[Collected data]
____________________

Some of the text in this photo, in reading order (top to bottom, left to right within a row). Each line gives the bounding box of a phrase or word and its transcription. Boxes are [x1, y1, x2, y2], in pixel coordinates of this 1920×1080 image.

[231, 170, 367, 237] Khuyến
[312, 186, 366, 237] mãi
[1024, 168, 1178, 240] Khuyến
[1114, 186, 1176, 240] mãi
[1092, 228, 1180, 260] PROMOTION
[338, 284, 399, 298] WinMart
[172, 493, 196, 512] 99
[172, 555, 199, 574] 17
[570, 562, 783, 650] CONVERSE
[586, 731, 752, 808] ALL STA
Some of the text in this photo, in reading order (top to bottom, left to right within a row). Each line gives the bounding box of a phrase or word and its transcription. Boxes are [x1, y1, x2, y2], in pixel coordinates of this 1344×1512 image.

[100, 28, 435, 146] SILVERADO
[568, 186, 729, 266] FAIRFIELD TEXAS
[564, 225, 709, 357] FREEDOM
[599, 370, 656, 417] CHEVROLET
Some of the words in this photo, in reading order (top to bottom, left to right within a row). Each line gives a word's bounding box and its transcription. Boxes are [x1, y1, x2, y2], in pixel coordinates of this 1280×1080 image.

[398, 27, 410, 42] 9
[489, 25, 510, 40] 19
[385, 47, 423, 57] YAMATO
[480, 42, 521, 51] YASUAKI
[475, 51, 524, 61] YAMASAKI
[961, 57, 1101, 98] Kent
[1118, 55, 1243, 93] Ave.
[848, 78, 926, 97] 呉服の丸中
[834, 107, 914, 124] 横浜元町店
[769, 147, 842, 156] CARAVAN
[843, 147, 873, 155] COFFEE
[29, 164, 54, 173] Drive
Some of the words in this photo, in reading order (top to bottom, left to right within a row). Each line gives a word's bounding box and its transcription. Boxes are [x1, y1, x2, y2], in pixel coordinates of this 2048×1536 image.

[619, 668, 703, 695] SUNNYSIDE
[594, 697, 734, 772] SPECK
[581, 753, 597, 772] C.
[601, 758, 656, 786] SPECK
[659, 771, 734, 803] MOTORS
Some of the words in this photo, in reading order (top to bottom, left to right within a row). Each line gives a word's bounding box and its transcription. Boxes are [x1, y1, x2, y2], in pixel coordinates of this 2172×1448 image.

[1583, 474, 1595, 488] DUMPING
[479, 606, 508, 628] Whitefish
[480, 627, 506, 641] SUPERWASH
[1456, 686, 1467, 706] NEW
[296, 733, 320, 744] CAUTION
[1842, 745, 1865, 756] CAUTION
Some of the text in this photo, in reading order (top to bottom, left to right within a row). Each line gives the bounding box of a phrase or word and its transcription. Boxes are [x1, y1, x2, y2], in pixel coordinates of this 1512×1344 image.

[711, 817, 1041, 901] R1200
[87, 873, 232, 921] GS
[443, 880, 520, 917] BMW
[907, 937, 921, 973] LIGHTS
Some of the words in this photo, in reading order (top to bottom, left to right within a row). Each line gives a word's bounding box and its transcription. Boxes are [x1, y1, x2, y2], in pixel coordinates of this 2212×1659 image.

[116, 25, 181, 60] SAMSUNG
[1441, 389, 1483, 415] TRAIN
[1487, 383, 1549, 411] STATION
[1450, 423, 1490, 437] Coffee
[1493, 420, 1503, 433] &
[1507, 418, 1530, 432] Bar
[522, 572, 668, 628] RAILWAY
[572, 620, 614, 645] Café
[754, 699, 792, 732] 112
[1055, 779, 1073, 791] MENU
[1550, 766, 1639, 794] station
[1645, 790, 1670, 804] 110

____________________

- **Task statement**
Word for word, restate all of the entries.

- **Task response**
Some of the text in this photo, in reading order (top to bottom, left to right within a row). Each line gives the bounding box of a phrase or word and its transcription. Boxes are [x1, y1, x2, y2], in pixel coordinates of this 1920×1080 image.

[231, 170, 367, 237] Khuyến
[312, 186, 366, 237] mãi
[1024, 168, 1178, 240] Khuyến
[1114, 186, 1176, 240] mãi
[1092, 228, 1180, 260] PROMOTION
[338, 284, 399, 298] WinMart
[172, 493, 196, 512] 99
[172, 555, 199, 574] 17
[570, 562, 783, 650] CONVERSE
[586, 731, 752, 808] ALL STA
Some of the text in this photo, in reading order (top to bottom, left to right within a row). Each line gives the bounding box of a phrase or word and its transcription. Boxes are [x1, y1, x2, y2], in pixel coordinates of this 1344×1512 image.

[100, 28, 435, 146] SILVERADO
[568, 186, 729, 266] FAIRFIELD TEXAS
[564, 225, 709, 357] FREEDOM
[599, 370, 656, 417] CHEVROLET
Some of the words in this photo, in reading order (top to bottom, left to right within a row). Each line gives a word's bounding box and its transcription. Boxes are [x1, y1, x2, y2], in pixel coordinates of this 1280×1080 image.

[398, 27, 410, 42] 9
[489, 25, 510, 40] 19
[385, 47, 423, 57] YAMATO
[480, 42, 521, 51] YASUAKI
[475, 51, 524, 61] YAMASAKI
[961, 57, 1101, 98] Kent
[1118, 55, 1243, 93] Ave.
[848, 78, 926, 97] 呉服の丸中
[834, 107, 914, 124] 横浜元町店
[769, 147, 842, 156] CARAVAN
[843, 147, 873, 155] COFFEE
[29, 164, 54, 173] Drive
Some of the words in this photo, in reading order (top to bottom, left to right within a row). Each line gives a word's bounding box and its transcription. Boxes are [x1, y1, x2, y2], in pixel coordinates of this 2048×1536 image.

[619, 668, 703, 695] SUNNYSIDE
[594, 697, 734, 772] SPECK
[581, 753, 597, 772] C.
[601, 758, 656, 786] SPECK
[659, 771, 734, 803] MOTORS
Some of the words in this photo, in reading order (top to bottom, left to right within a row). Each line gives a word's bounding box and its transcription. Boxes are [x1, y1, x2, y2], in pixel coordinates of this 2172×1448 image.

[1583, 474, 1595, 488] DUMPING
[479, 606, 508, 628] Whitefish
[480, 627, 506, 641] SUPERWASH
[1456, 686, 1467, 706] NEW
[296, 733, 320, 744] CAUTION
[1842, 745, 1865, 756] CAUTION
Some of the text in this photo, in reading order (top to bottom, left to right within a row). Each line gives the bounding box of a phrase or word and its transcription. Boxes are [x1, y1, x2, y2], in pixel coordinates of this 1512×1344 image.

[711, 817, 1041, 901] R1200
[87, 873, 232, 921] GS
[443, 880, 520, 917] BMW
[907, 937, 921, 973] LIGHTS
Some of the words in this photo, in reading order (top to bottom, left to right within a row). Each line gives a word's bounding box and its transcription. Boxes are [x1, y1, x2, y2], in pixel coordinates of this 2212×1659 image.

[116, 25, 181, 60] SAMSUNG
[1441, 389, 1483, 415] TRAIN
[1487, 383, 1549, 411] STATION
[1450, 423, 1490, 437] Coffee
[1493, 420, 1503, 433] &
[1507, 418, 1530, 432] Bar
[522, 572, 668, 628] RAILWAY
[572, 620, 614, 645] Café
[754, 699, 792, 732] 112
[1055, 779, 1073, 791] MENU
[1550, 766, 1639, 794] station
[1645, 790, 1670, 804] 110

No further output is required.